Open AccessPurification and properties of phosphofructokinase 2/fructose 2,6‐bisphosphatase from chicken liver and from pigeon muscle
Author(s) -
SCHAFTINGEN Emile,
HERS HenriGéry
Publication year - 1986
Publication title -
european journal of biochemistry
Language(s) - English
Resource type - Journals
eISSN - 1432-1033
pISSN - 0014-2956
DOI - 10.1111/j.1432-1033.1986.tb09876.x
Subject(s) - phosphofructokinase , enzyme , biochemistry , phosphofructokinase 1 , fructose 1,6 bisphosphatase , phosphoenolpyruvate carboxykinase , phosphorylation , phosphofructokinase 2 , fructose , enzyme assay , biology , chemistry , glycolysis
Phosphofructokinase 2 and fructose 2,6‐bisphosphatase extracted from either chicken liver or pigeon muscle co‐purified up to homogeneity. The two homogeneous proteins were found to be dimers of relative molecular mass ( M r ) close to 110000 with subunits of M r 54000 for the chicken liver enzyme and 53000 for the pigeon muscle enzyme. The latter also contained a minor constituent of M r 54000. Incubation of the chicken liver enzyme with the catalytic subunit of cyclic‐AMP‐dependent protein kinase in the presence of [γ‐ 32 P]ATP resulted in the incorporation of about 0.8 mol phosphate/mol enzyme. Under similar conditions, the pigeon muscle enzyme was phosphorylated to an extent of only 0.05 mol phosphate/mol enzyme and all the incorporated phosphate was found in the minor 54000‐ M r constituent. The maximal activity of the native avian liver phosphofructokinase 2 was little affected by changes of pH between 6 and 10. Its phosphorylation by cyclic‐AMP‐dependent protein kinase resulted in a more than 90% inactivation at pH values below 7.5 and in no or little change in activity at pH 10. Intermediary values of inactivation were observed at pH values between 8 and 10. Muscle phosphofructokinase 2 had little activity at pH below 7 and was maximally active at pH 10. Its partial phosphorylation resulted in a further 25% decrease of its already low activity measured at pH 7.1 and in a negligible inactivation at pH 8.5. Phosph oenol pyruvate and citrate inhibited phosphofructokinase 2 from both origins non‐competitively.
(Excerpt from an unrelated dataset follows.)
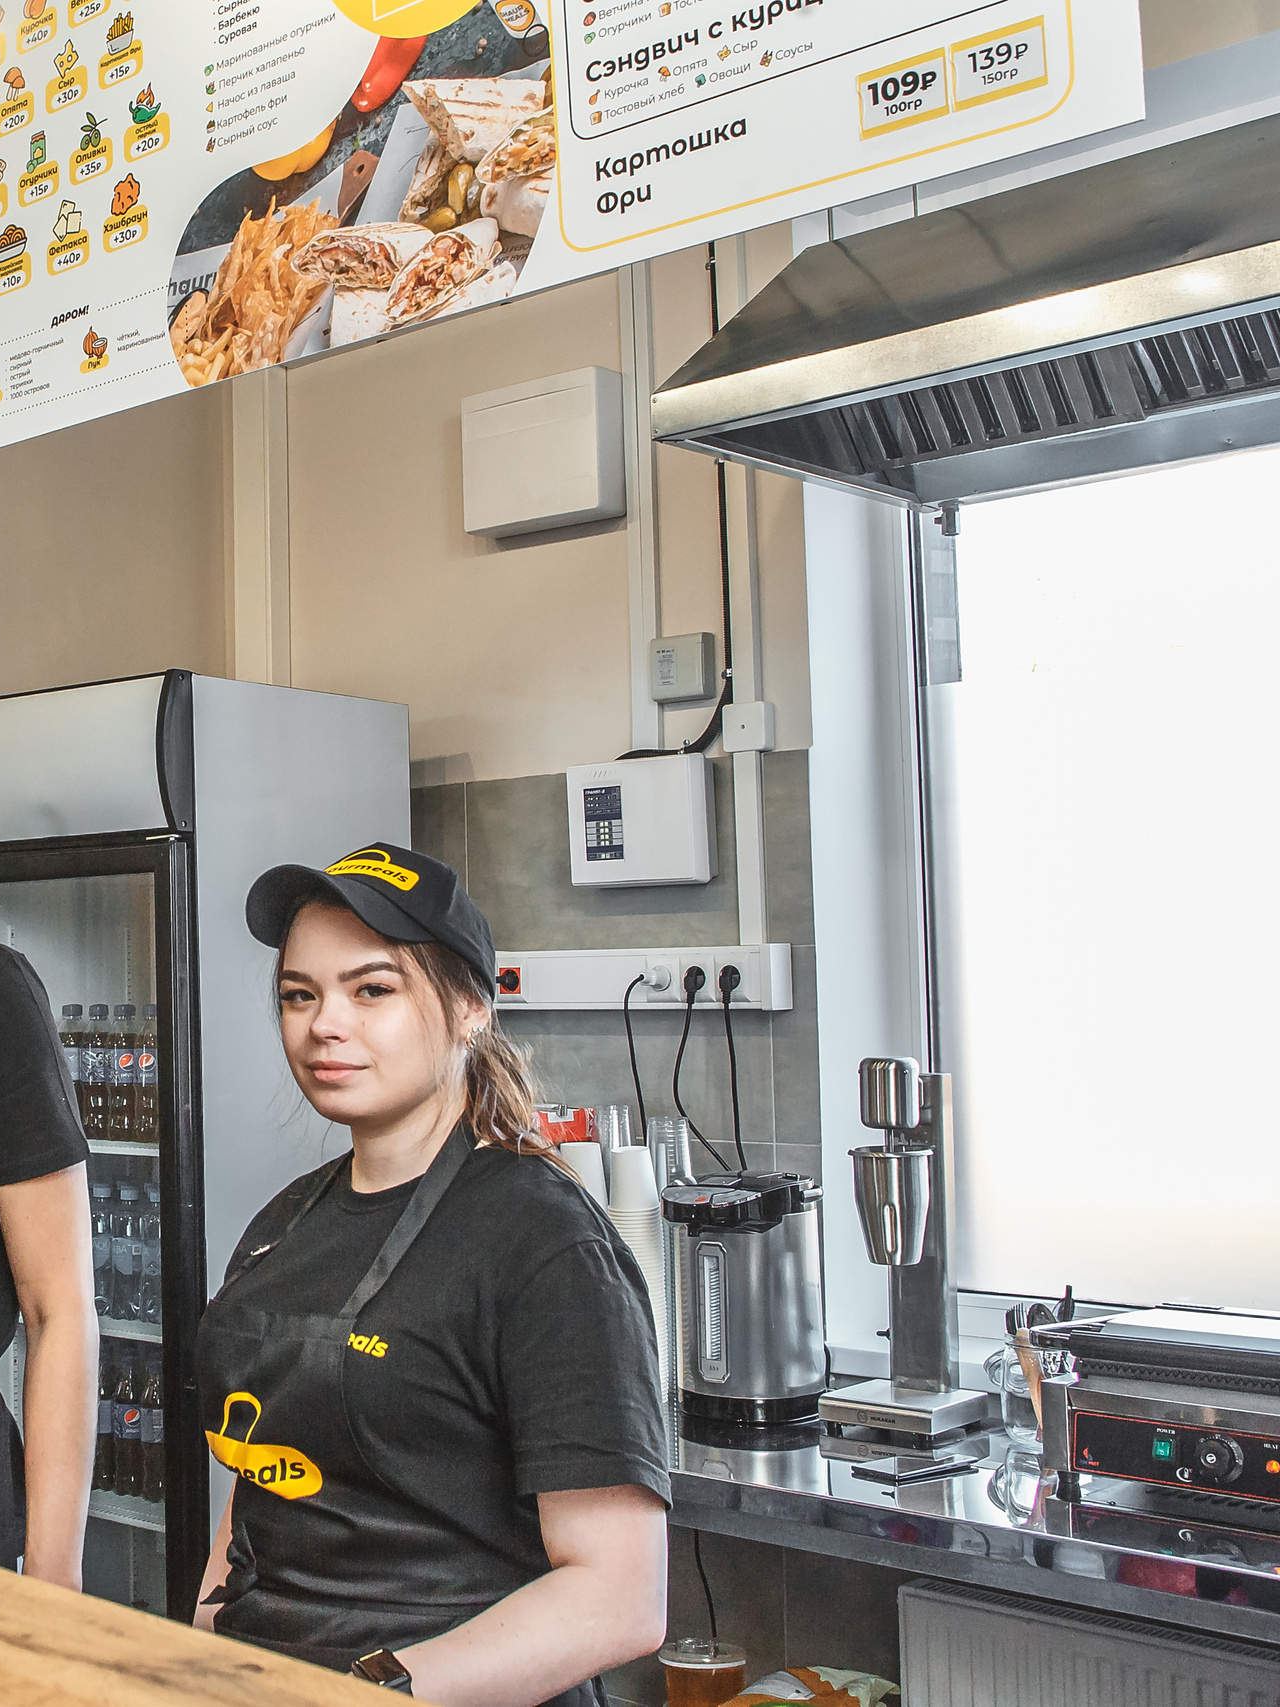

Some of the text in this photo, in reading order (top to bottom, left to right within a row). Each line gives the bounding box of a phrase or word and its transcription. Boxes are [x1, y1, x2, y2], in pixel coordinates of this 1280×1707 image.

The muscle enzyme and the phosphorylated liver enzyme displayed much more affinity for these inhibitors than the native liver enzyme. Fructose 2,6‐bisphosphatase from both sources had about the same specific activity but only the chicken liver enzyme was activated about twofold upon incubation with ATP and cyclic‐AMP‐dependent protein kinase. All enzyme forms were inhibited by fructose 6‐phosphate and this inhibition was released by inorganic phosphate and by glycerol 3‐phosphate. Both liver and muscle fructose 2,6‐bisphosphatases formed a 32 P‐labeled enzyme intermediate when incubated in the presence of fructose 2,6‐[2‐ 32 P]bisphosphate.